Introduction

Genetic association analyses need to address genetic and phenotypic heterogeneities for complex diseases. Investigating associations between marker genotypes and disease phenotypes for only one locus at a time without considering combinations of (unlinked) loci may capture only a small proportion of the total combined effect of all disease loci. Thus new methods are needed that allow the joint analysis of multiple loci for association analysis (Hoh and Ott 2003; Kang et al. 2008). For a complex disease, individual loci with small effects may not be sufficient to identify a genetic association with a clinical syndrome (Ritchie et al. 2001). However, the combined effect of multiple loci with minor or modest effect sizes might confer additive or multiplicative genetic contributions (Ritchie et al. 2001). Genotypic combinations at some loci that contain several alleles may be specific to certain classes of cases. Multiple loci with minor or modest effect sizes and that are located in different or the same chromosomes could form a joint functional unit for disease susceptibility. The problem is to identify these loci and quantify the interaction among these loci. Several algorithms are available to examine SNP combinations for complex diseases (Ritchie et al. 2001, 2003; Goodman et al. 2006; Onay et al. 2006; Hahn et al. 2003). These methods include dimension reduction, which combines all possible SNP–SNP interactions and chooses the set of SNPs that minimizes the classification error of cases and controls (Ritchie et al. 2003; Hahn et al. 2003). Some analyses use classification scoring functions to identify subsets of SNPs likely associated with disease risk (Goodman et al. 2006). Multivariate logistic regression and bootstrap analyses can be used to select SNP–SNP interactions via stepwise regression (Onay et al. 2006).

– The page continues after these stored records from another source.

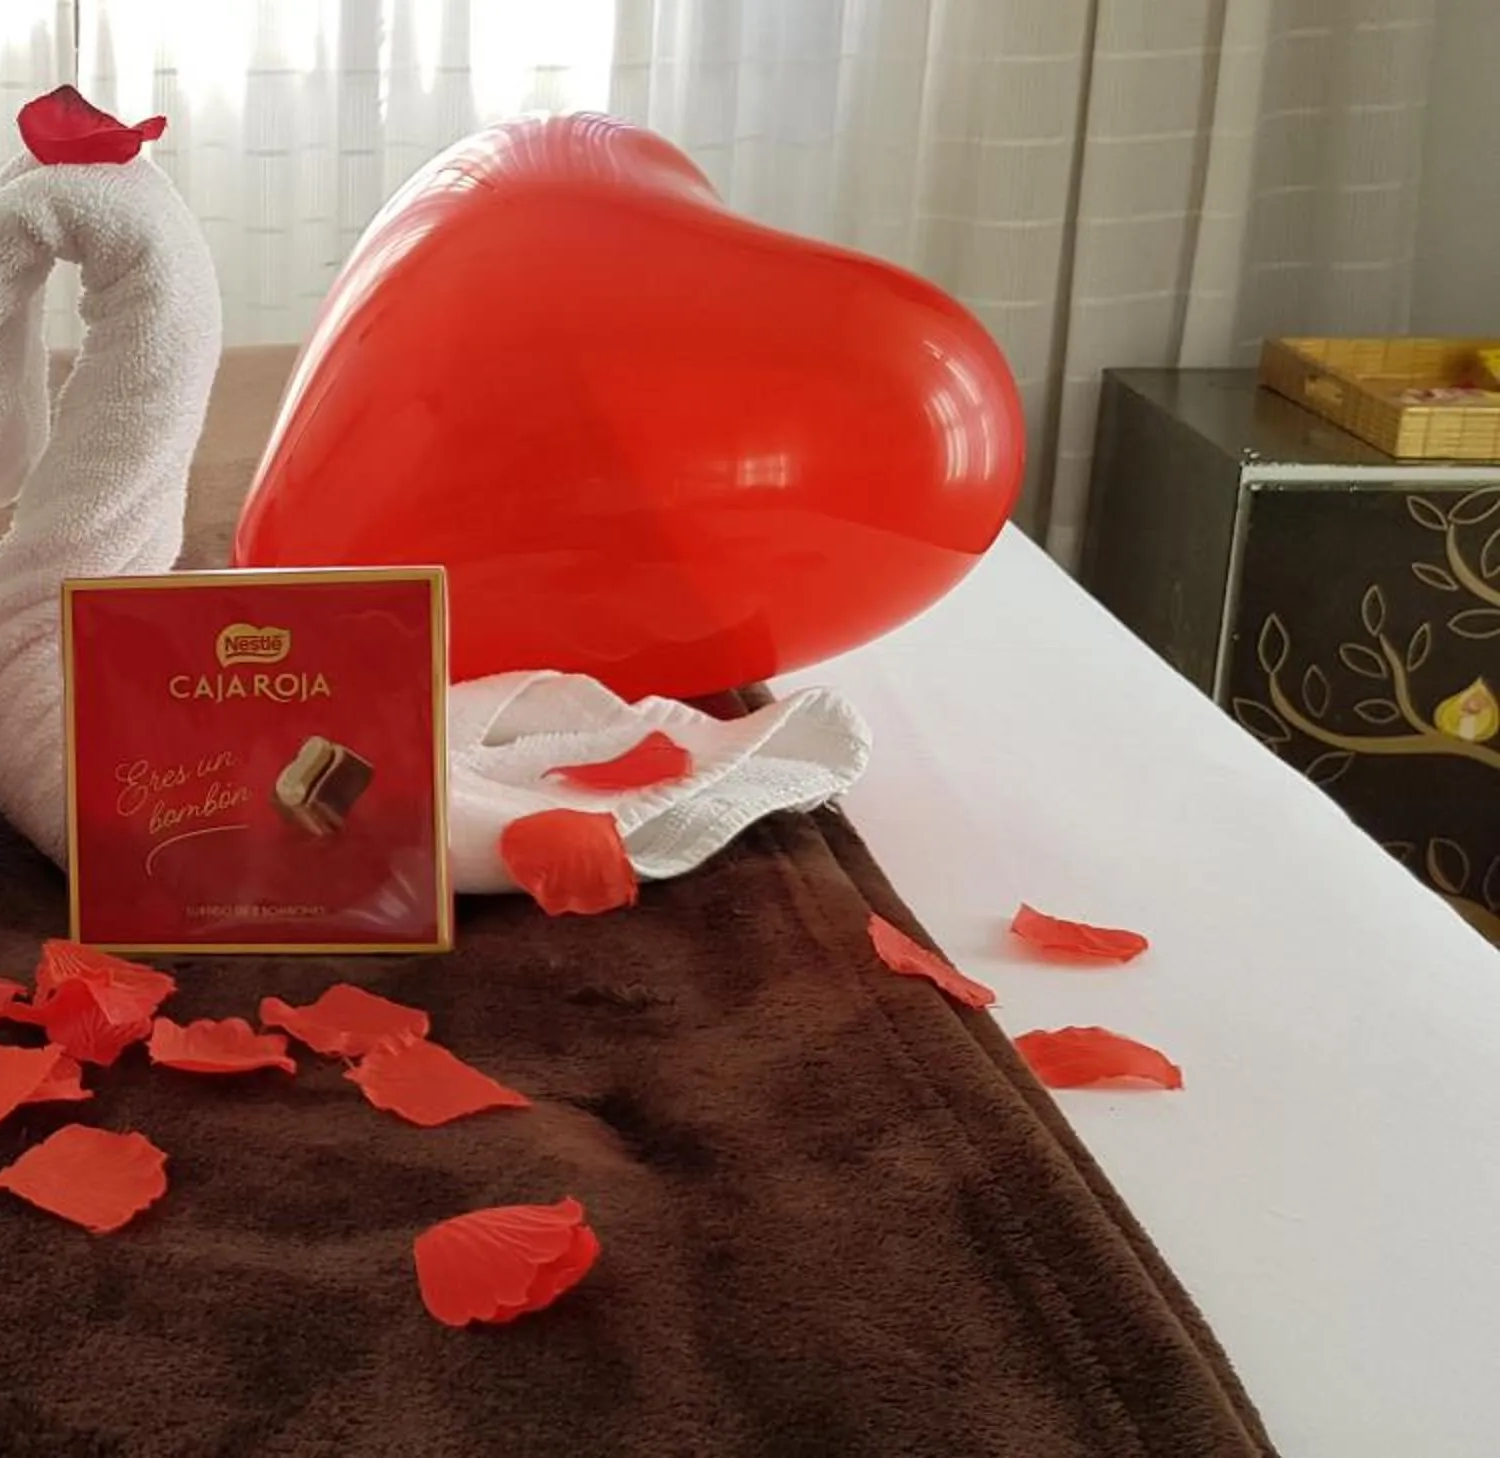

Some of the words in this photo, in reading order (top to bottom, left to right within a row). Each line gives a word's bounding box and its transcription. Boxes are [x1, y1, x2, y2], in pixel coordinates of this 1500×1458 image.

[169, 673, 246, 703] CAJA
[253, 671, 331, 703] ROJA
[115, 759, 191, 817] Eres
[197, 751, 236, 777] un
[149, 781, 249, 834] bombón

We use a two-stage approach that identifies multiple SNP patterns and evaluates their risk with a disease. The method allows the inclusion of any number of main effects together with the highest interaction term. At the first stage, synergistic blocks associated with a complex disease are identified. At the second stage, a logistic regression model is chosen to evaluate the interactive effects among different loci in a synergistic block. Logistic regression models for SNPs in synergistic blocks have better statistical power and more statistical significance than using a full model that includes all SNPs and their interactions, because of the reduced number of parameters.

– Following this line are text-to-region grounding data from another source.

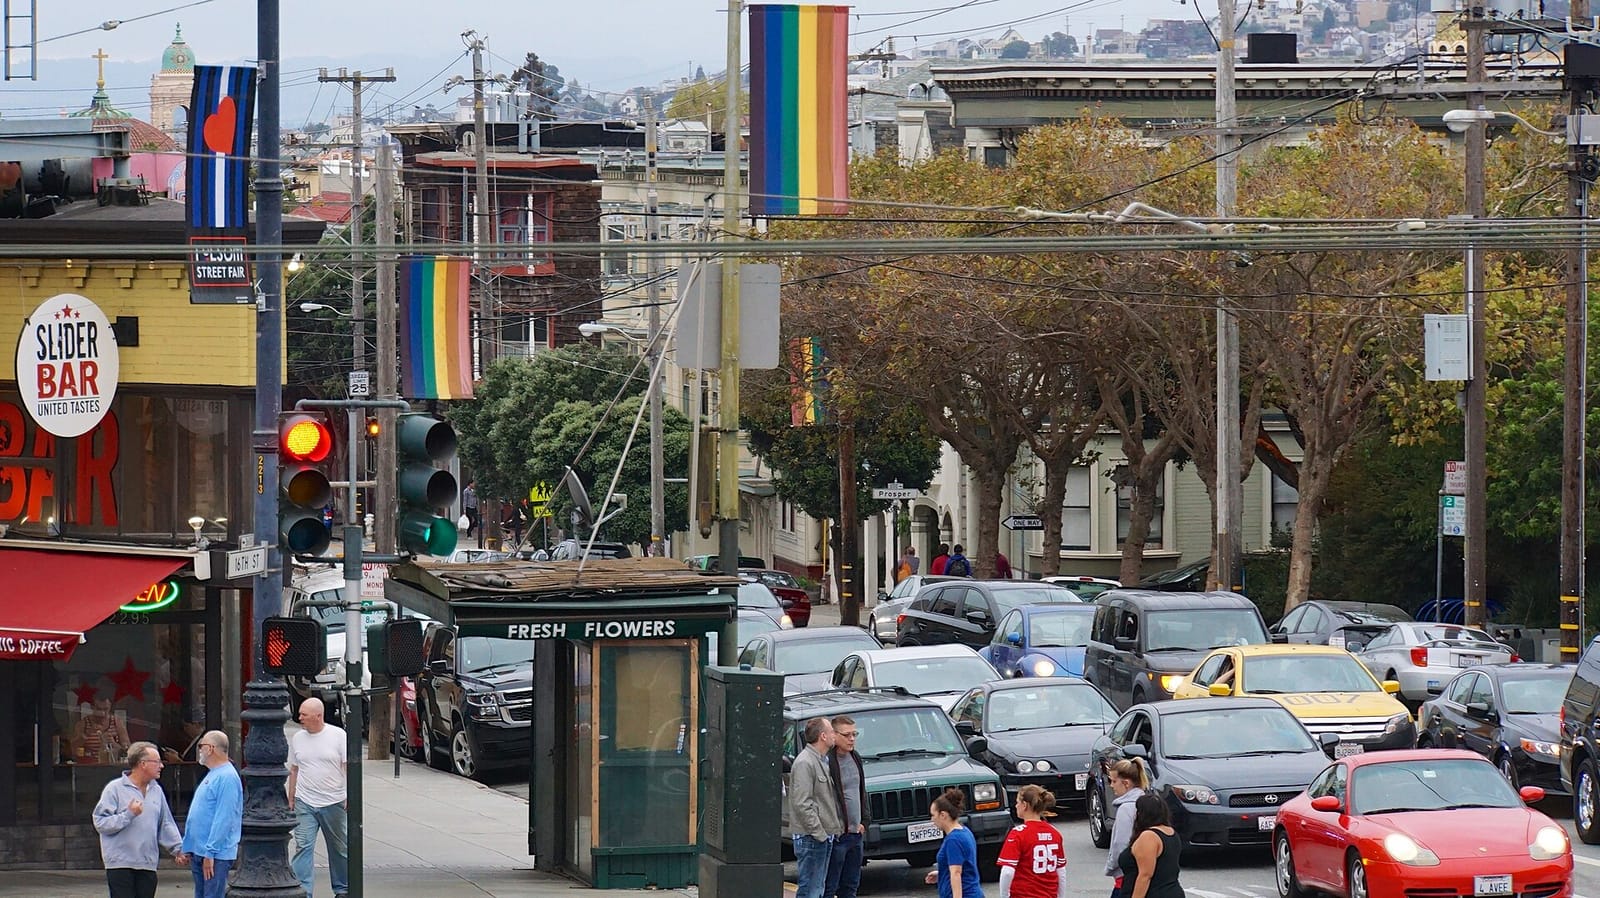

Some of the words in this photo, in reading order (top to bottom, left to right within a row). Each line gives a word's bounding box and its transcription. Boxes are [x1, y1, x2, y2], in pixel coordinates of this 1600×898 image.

[196, 266, 226, 279] STREET
[228, 266, 245, 278] FAIR
[37, 321, 98, 360] SLIDER
[37, 361, 99, 398] BAR
[351, 383, 367, 393] 25
[38, 402, 68, 416] UNITED
[70, 400, 100, 414] TASTES
[878, 490, 912, 498] Prosper
[234, 555, 249, 572] 16TH
[253, 553, 260, 569] ST
[507, 622, 567, 639] FRESH
[584, 620, 676, 638] FLOWERS
[19, 638, 65, 654] COFFEE
[1032, 843, 1059, 874] 85

This method is applied to a case–control schizophrenia study from a Chinese Han population to detect the effects of 17 loci of four candidate genes, the regulator of G-protein signaling-4 (RGS4, 1q21-q22), frizzled 3 (FZD3, 8p21), neuregulin 1 (NRG1, 8p22-p11), and G72 (13q34), on the susceptibility to this disease, since these have been reported in other studies to be possible candidate genes for schizophrenia (Yue et al. 2006, 2007; Zhang et al. 2004; Harrison and Owen 2003).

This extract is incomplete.